In patients with established coronary artery disease (CAD), clopidogrel appears to provide superior protection against major adverse cardiovascular or cerebrovascular events (MACCE) without increasing the risk of bleeding when compared with aspirin, according to a meta-analysis.

Pooled data from seven randomized controlled trials involving 28,982 patients (median age 65.5 years, 78.59 percent male) showed that over the longest available follow-up of 5.5 years (median 2.3 years), the primary efficacy endpoint of MACCE—defined as a composite of cardiovascular death, myocardial infarction, or stroke—occurred less frequently among patients who received clopidogrel monotherapy than those who received aspirin monotherapy (2.61 vs 2.99 per 100 patient-years; adjusted hazard ratio [HR], 0.84, 95 percent confidence interval [CI], 0.75–0.94; p=0.0021). [Lancet 2025;doi:10.1016/S0140-6736(25)01562-4]

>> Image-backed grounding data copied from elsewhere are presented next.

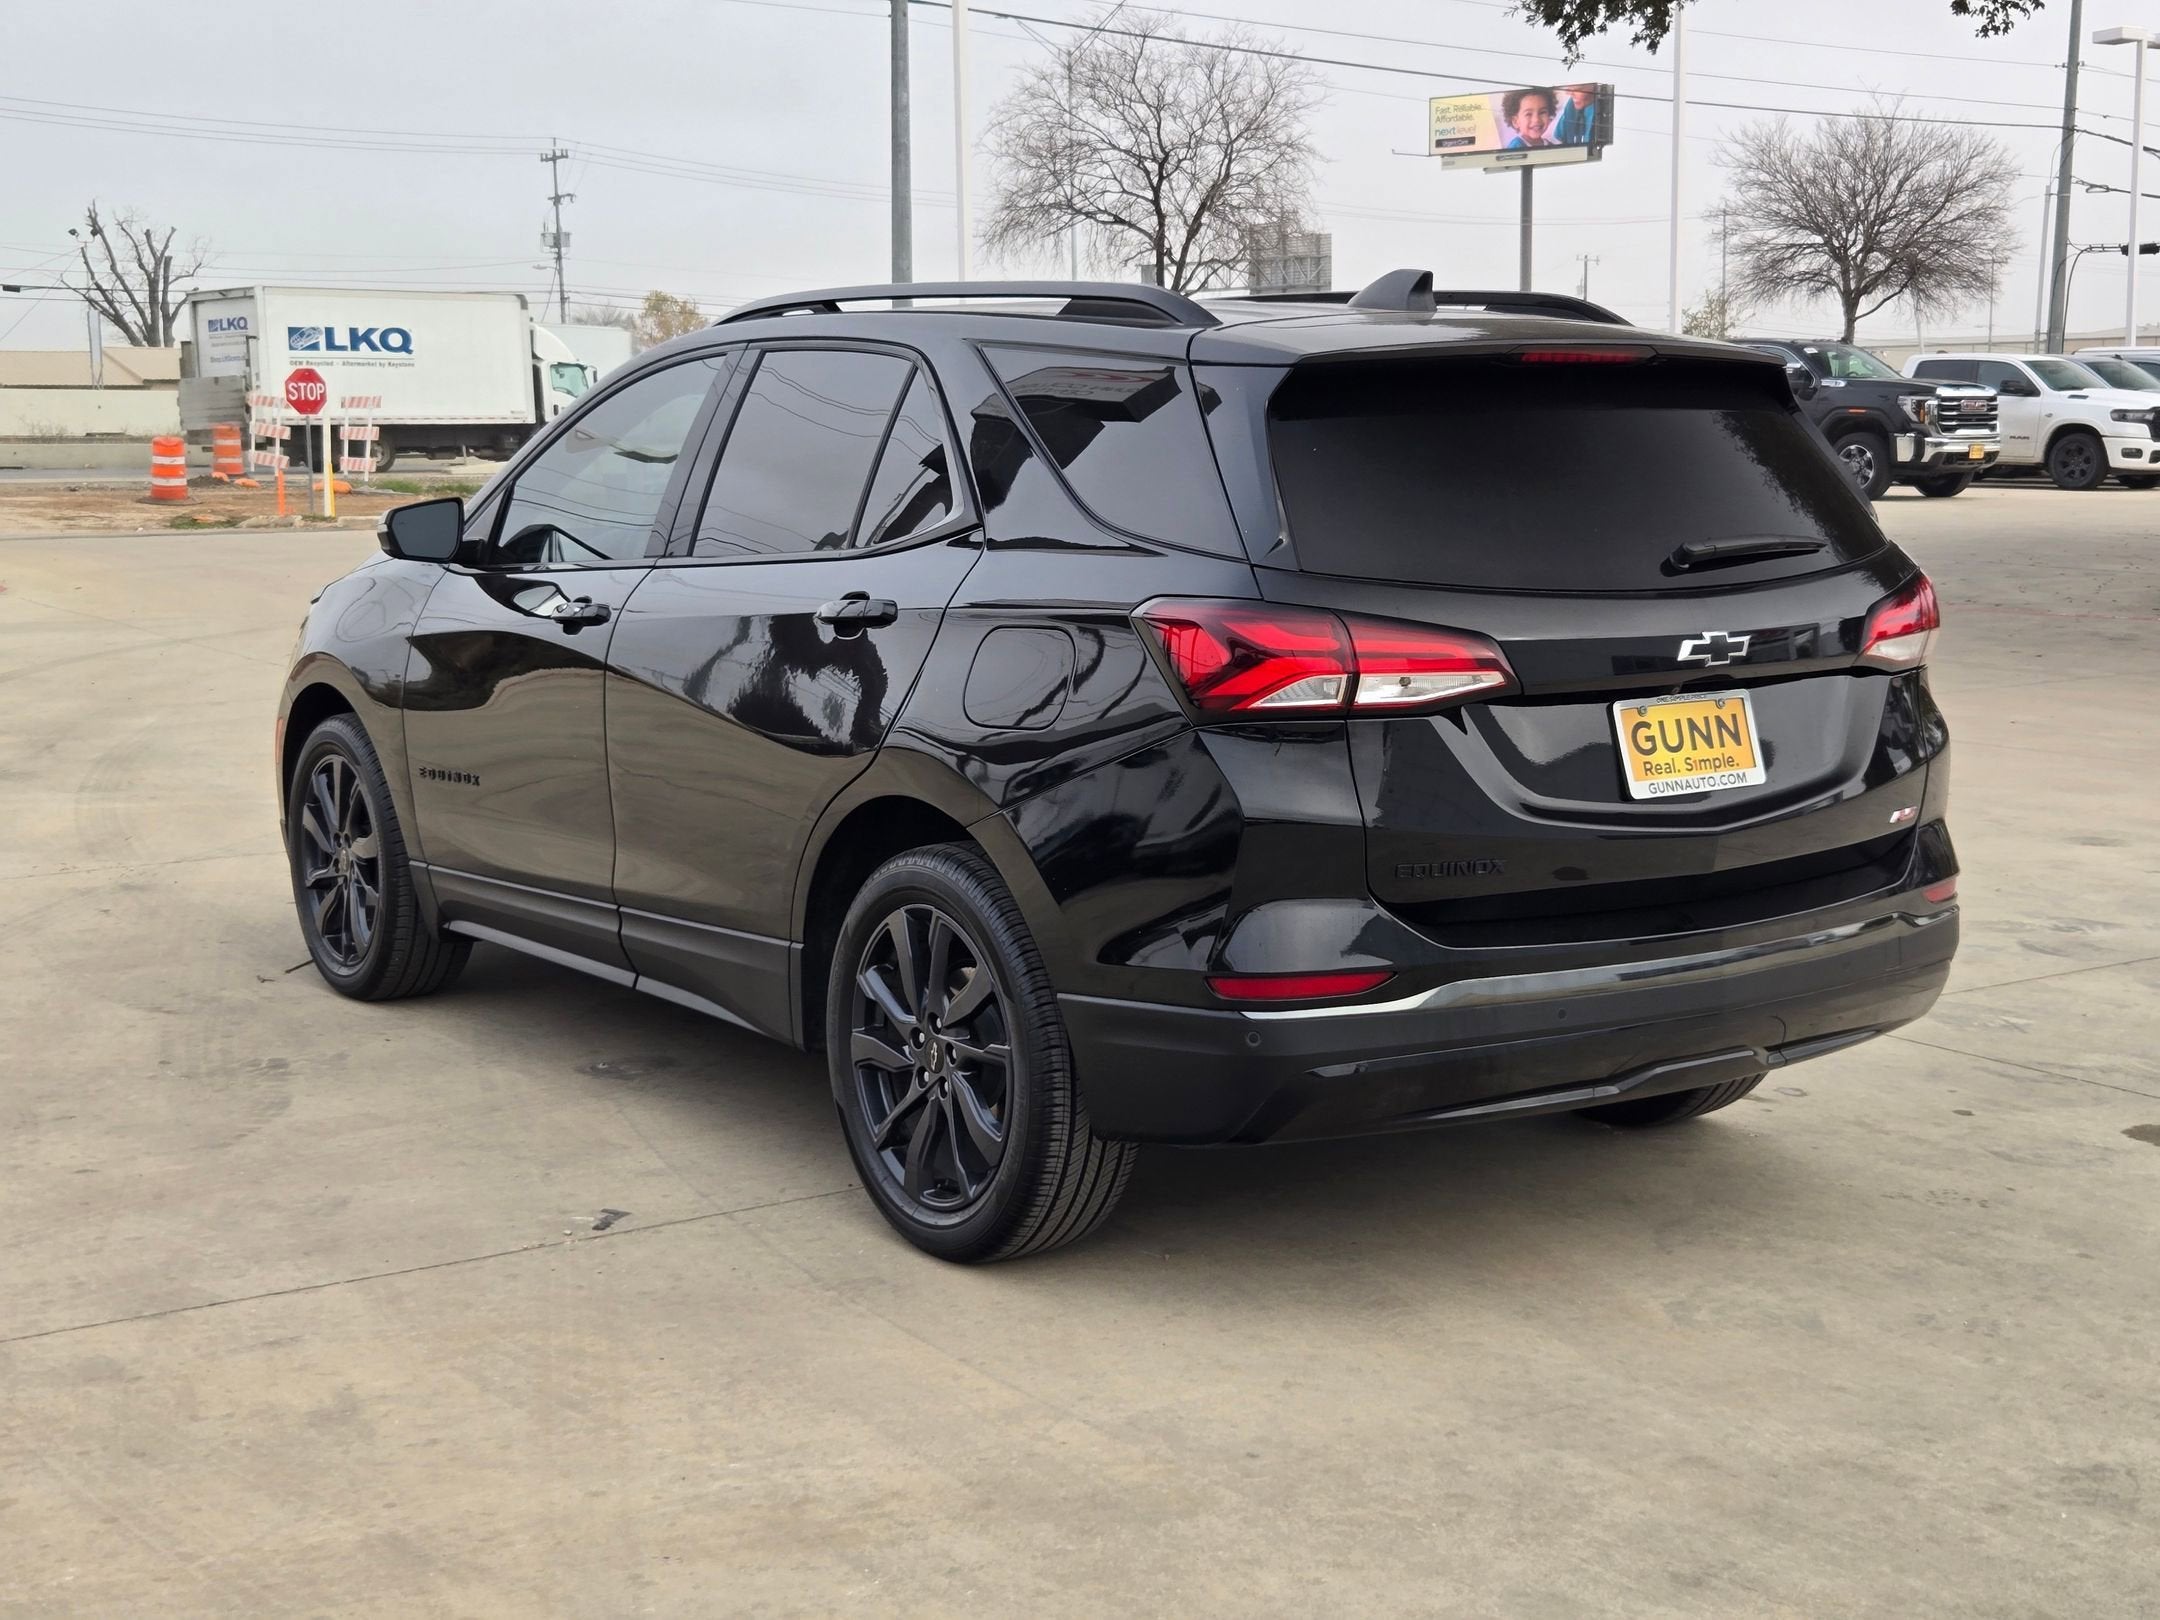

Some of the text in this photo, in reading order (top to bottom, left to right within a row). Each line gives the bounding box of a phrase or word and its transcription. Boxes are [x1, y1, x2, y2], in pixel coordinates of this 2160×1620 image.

[1434, 126, 1456, 137] next
[219, 316, 248, 331] LKQ
[324, 327, 414, 354] LKQ
[288, 382, 325, 401] STOP
[1631, 714, 1742, 756] GUNN
[419, 766, 481, 787] EQUINOX
[1643, 758, 1682, 777] Real.
[1648, 771, 1748, 795] GUNNAUTO.COM
[1394, 859, 1507, 879] EQUINOX

Major bleeding, the primary safety endpoint, did not significantly differ between the clopidogrel and aspirin groups (0.71 vs 0.77 per 100 patient-years, respectively; adjusted HR, 1.00, 95 percent CI, 0.76–1.32; p=0.99).

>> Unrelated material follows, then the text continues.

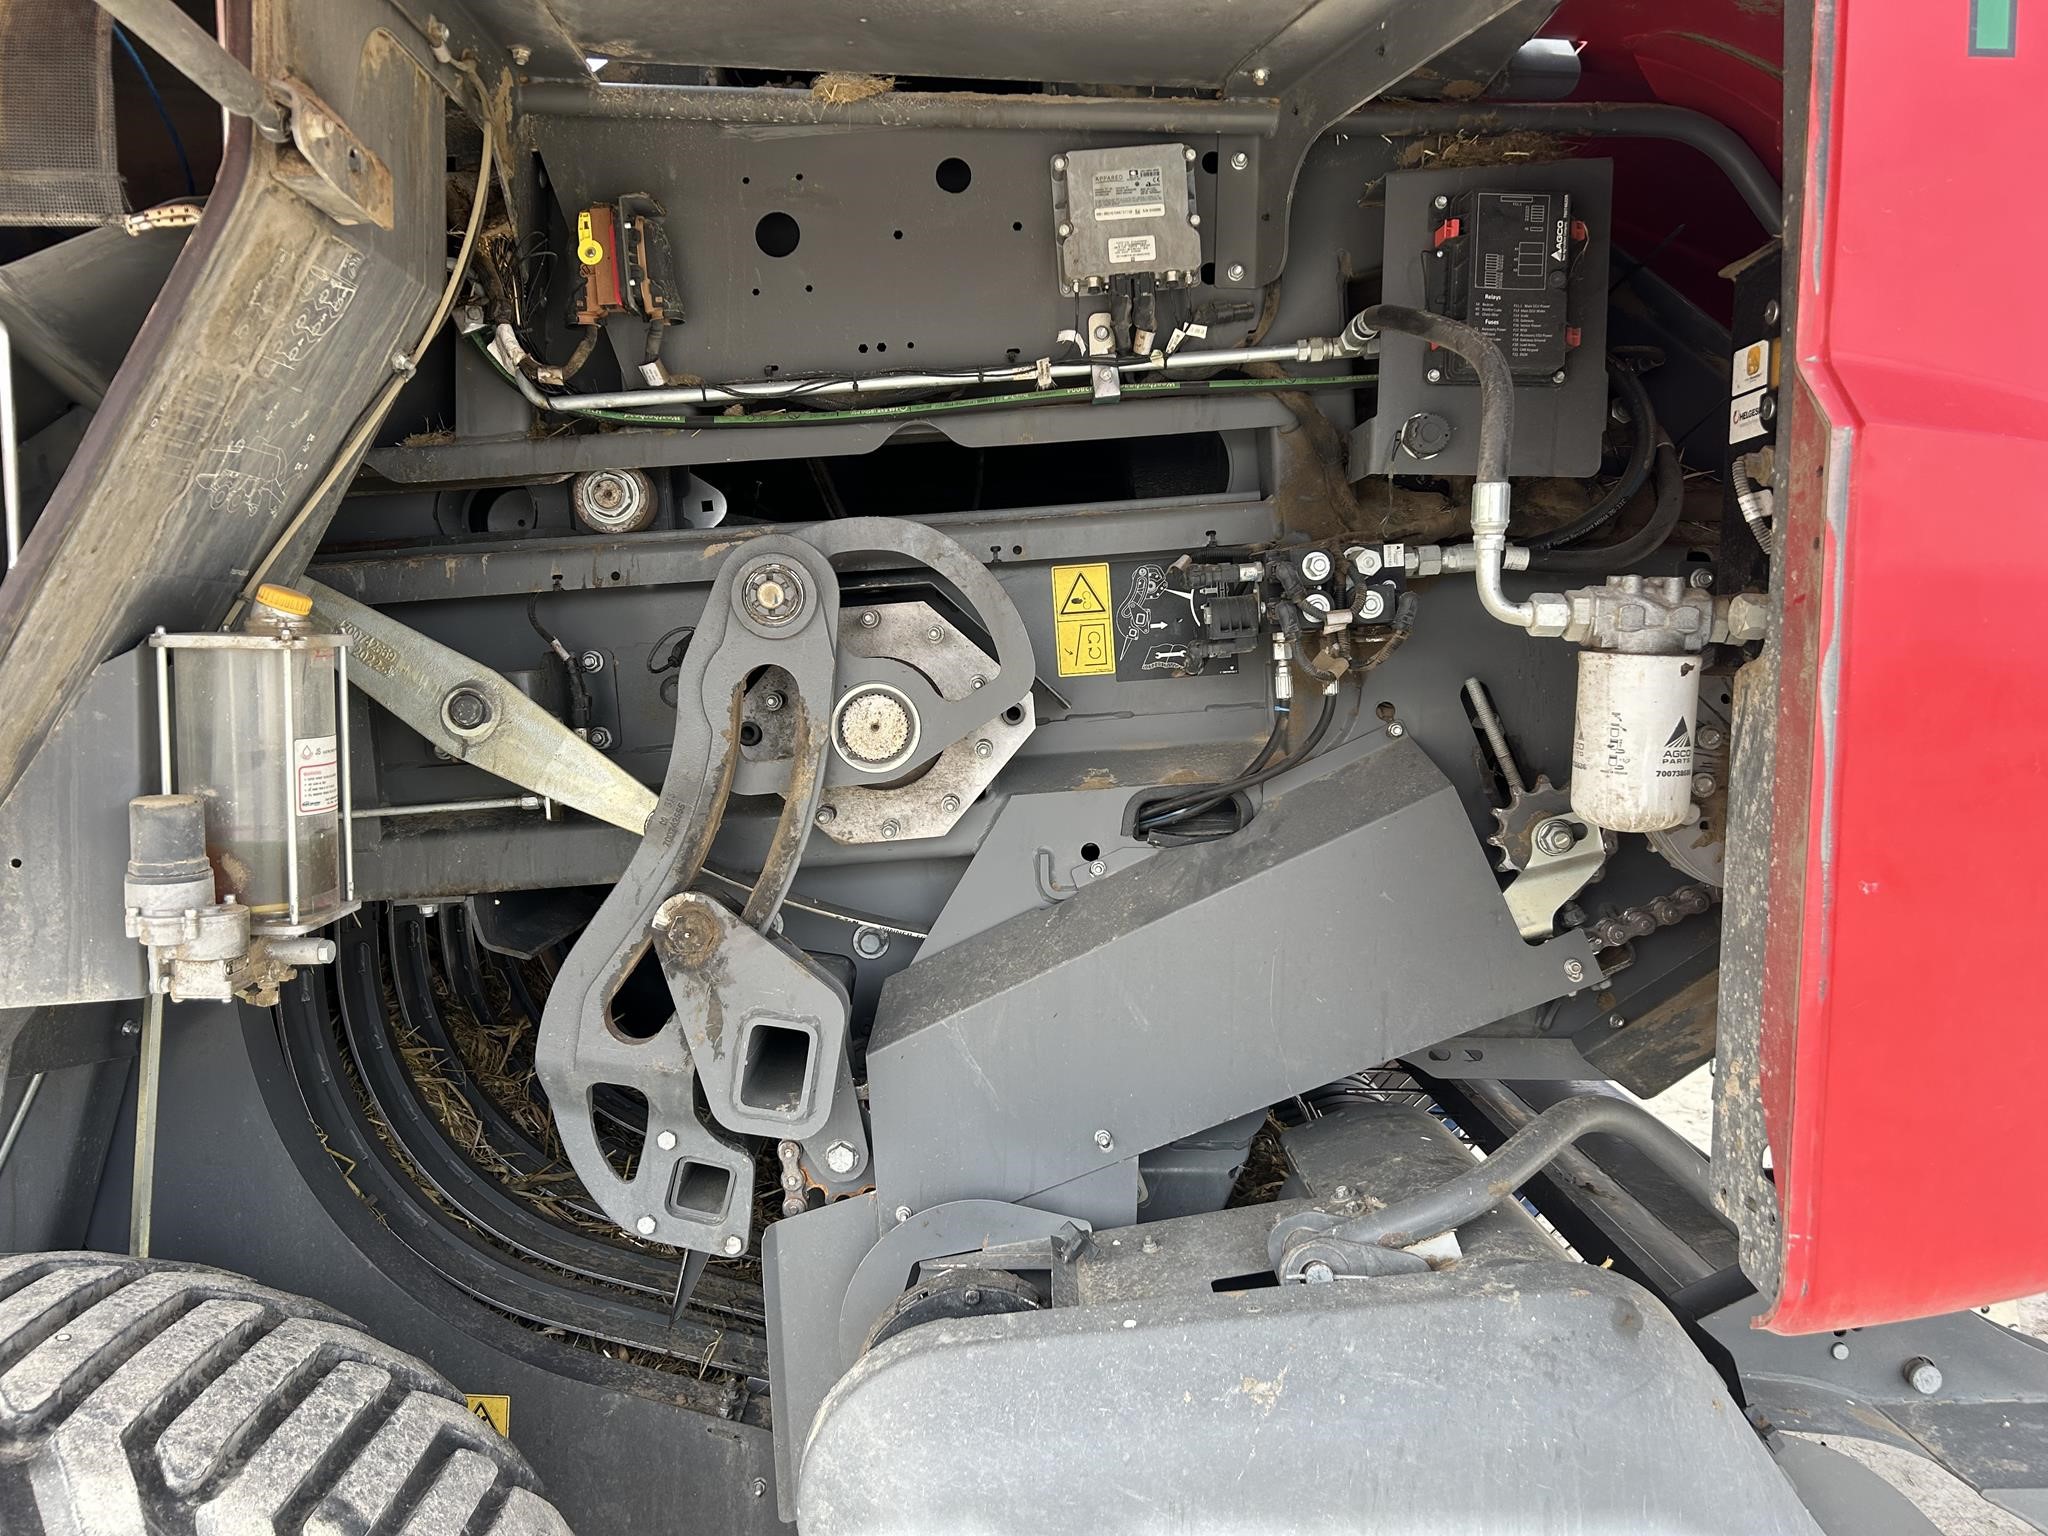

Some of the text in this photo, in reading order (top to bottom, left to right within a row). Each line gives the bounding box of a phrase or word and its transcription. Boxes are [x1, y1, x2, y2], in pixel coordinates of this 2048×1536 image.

[1556, 220, 1564, 249] AGCO
[1485, 293, 1501, 301] Relays
[1739, 407, 1762, 422] HELGES
[1663, 750, 1691, 758] AGCO

“Treatment effects were consistent across all prespecified subgroups, including individuals with clinical features associated with poor responsiveness to clopidogrel, as defined by the ABCD-GENE score, evaluated both individually and in combination,” the investigators said.

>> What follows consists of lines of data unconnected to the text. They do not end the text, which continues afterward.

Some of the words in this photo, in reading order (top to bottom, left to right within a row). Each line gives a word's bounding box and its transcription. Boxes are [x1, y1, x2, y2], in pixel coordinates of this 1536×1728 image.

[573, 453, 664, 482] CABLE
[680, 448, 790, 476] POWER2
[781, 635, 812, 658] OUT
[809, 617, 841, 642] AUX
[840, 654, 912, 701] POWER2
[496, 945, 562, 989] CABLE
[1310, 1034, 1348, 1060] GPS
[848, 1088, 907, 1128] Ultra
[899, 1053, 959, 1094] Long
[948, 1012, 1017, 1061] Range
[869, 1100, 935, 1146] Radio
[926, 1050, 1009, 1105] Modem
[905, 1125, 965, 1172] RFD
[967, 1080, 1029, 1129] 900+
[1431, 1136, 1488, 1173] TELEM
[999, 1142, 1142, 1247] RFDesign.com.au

The incidence of net adverse cardiac or cerebrovascular events (defined as a composite of the individual components of MACCE plus major bleeding) was significantly reduced with clopidogrel monotherapy vs aspirin monotherapy (3.16 vs 3.54 per 100 patient-years; adjusted HR, 0.87, 95 percent CI, 0.79–0.96; p=0.0051).

Looking at individual components, myocardial infarction events were fewer in the clopidogrel vs aspirin group (0.99 vs 1.27 per 100 patient-years; adjusted HR, 0.75, 95 percent CI, 0.65–0.88; p=0.0003), as was that of stroke (0.73 vs 0.88 per 100 patient-years; adjusted HR, 0.84, 95 percent CI, 0.71–0.98; p=0.032). No significant between-group difference was seen for cardiovascular death (1.18 vs 1.19 per 100 patient-years; p=0.58) and all-cause death (1.96 vs 1.98 per 100 patient-years; p=0.82).

CAD population

The current patient data meta-analysis provides the most comprehensive evaluation to data of the comparative efficacy and safety of clopidogrel vs aspirin monotherapy with established CAD who had discontinued or never started dual antiplatelet therapy (DAPT). Most of these patients had undergone percutaneous coronary intervention (PCI) or had acute coronary syndrome.

The seven trials included in the meta-analysis were as follows: ASCET, CADET, CAPRIE, HOST-EXAM, STOPDAPT-2, STOPDAPT-3, and SMART-CHOICE 3.

The finding on MACCE is consistent with and extends previous analyses conducted in more heterogeneous populations, including patients with different P2Y12 inhibitors, patients treated with noncoronary atherosclerotic disease, or cohorts limited to the post-PCI setting. [J Am Coll Cardiol 2023;82:89-105; Lancet 2020;395:1487-1495; BMJ 2025;389:e082561] 

“The significant anti-ischaemic benefit of clopidogrel was not offset by an increase in bleeding events,” which contrasts with findings from other studies evaluating alternative antithrombotic strategies to aspirin monotherapy, the investigators said. [EuroIntervention 2022;18:e377-e388; Eur Heart J Cardiovasc Pharmacother 2023;9:271-290; Eur Heart J Cardiovasc Pharmacother 2023;9:462-496; Nat Rev Cardiol 2022;19:117-132]

Taken together, these data suggest that clopidogrel is a better choice for long-term antiplatelet treatment in patients with established CAD, according to the investigators. “The widespread availability, generic formulation, and affordability of clopidogrel further supports its potential for extensive adoption in clinical practice.”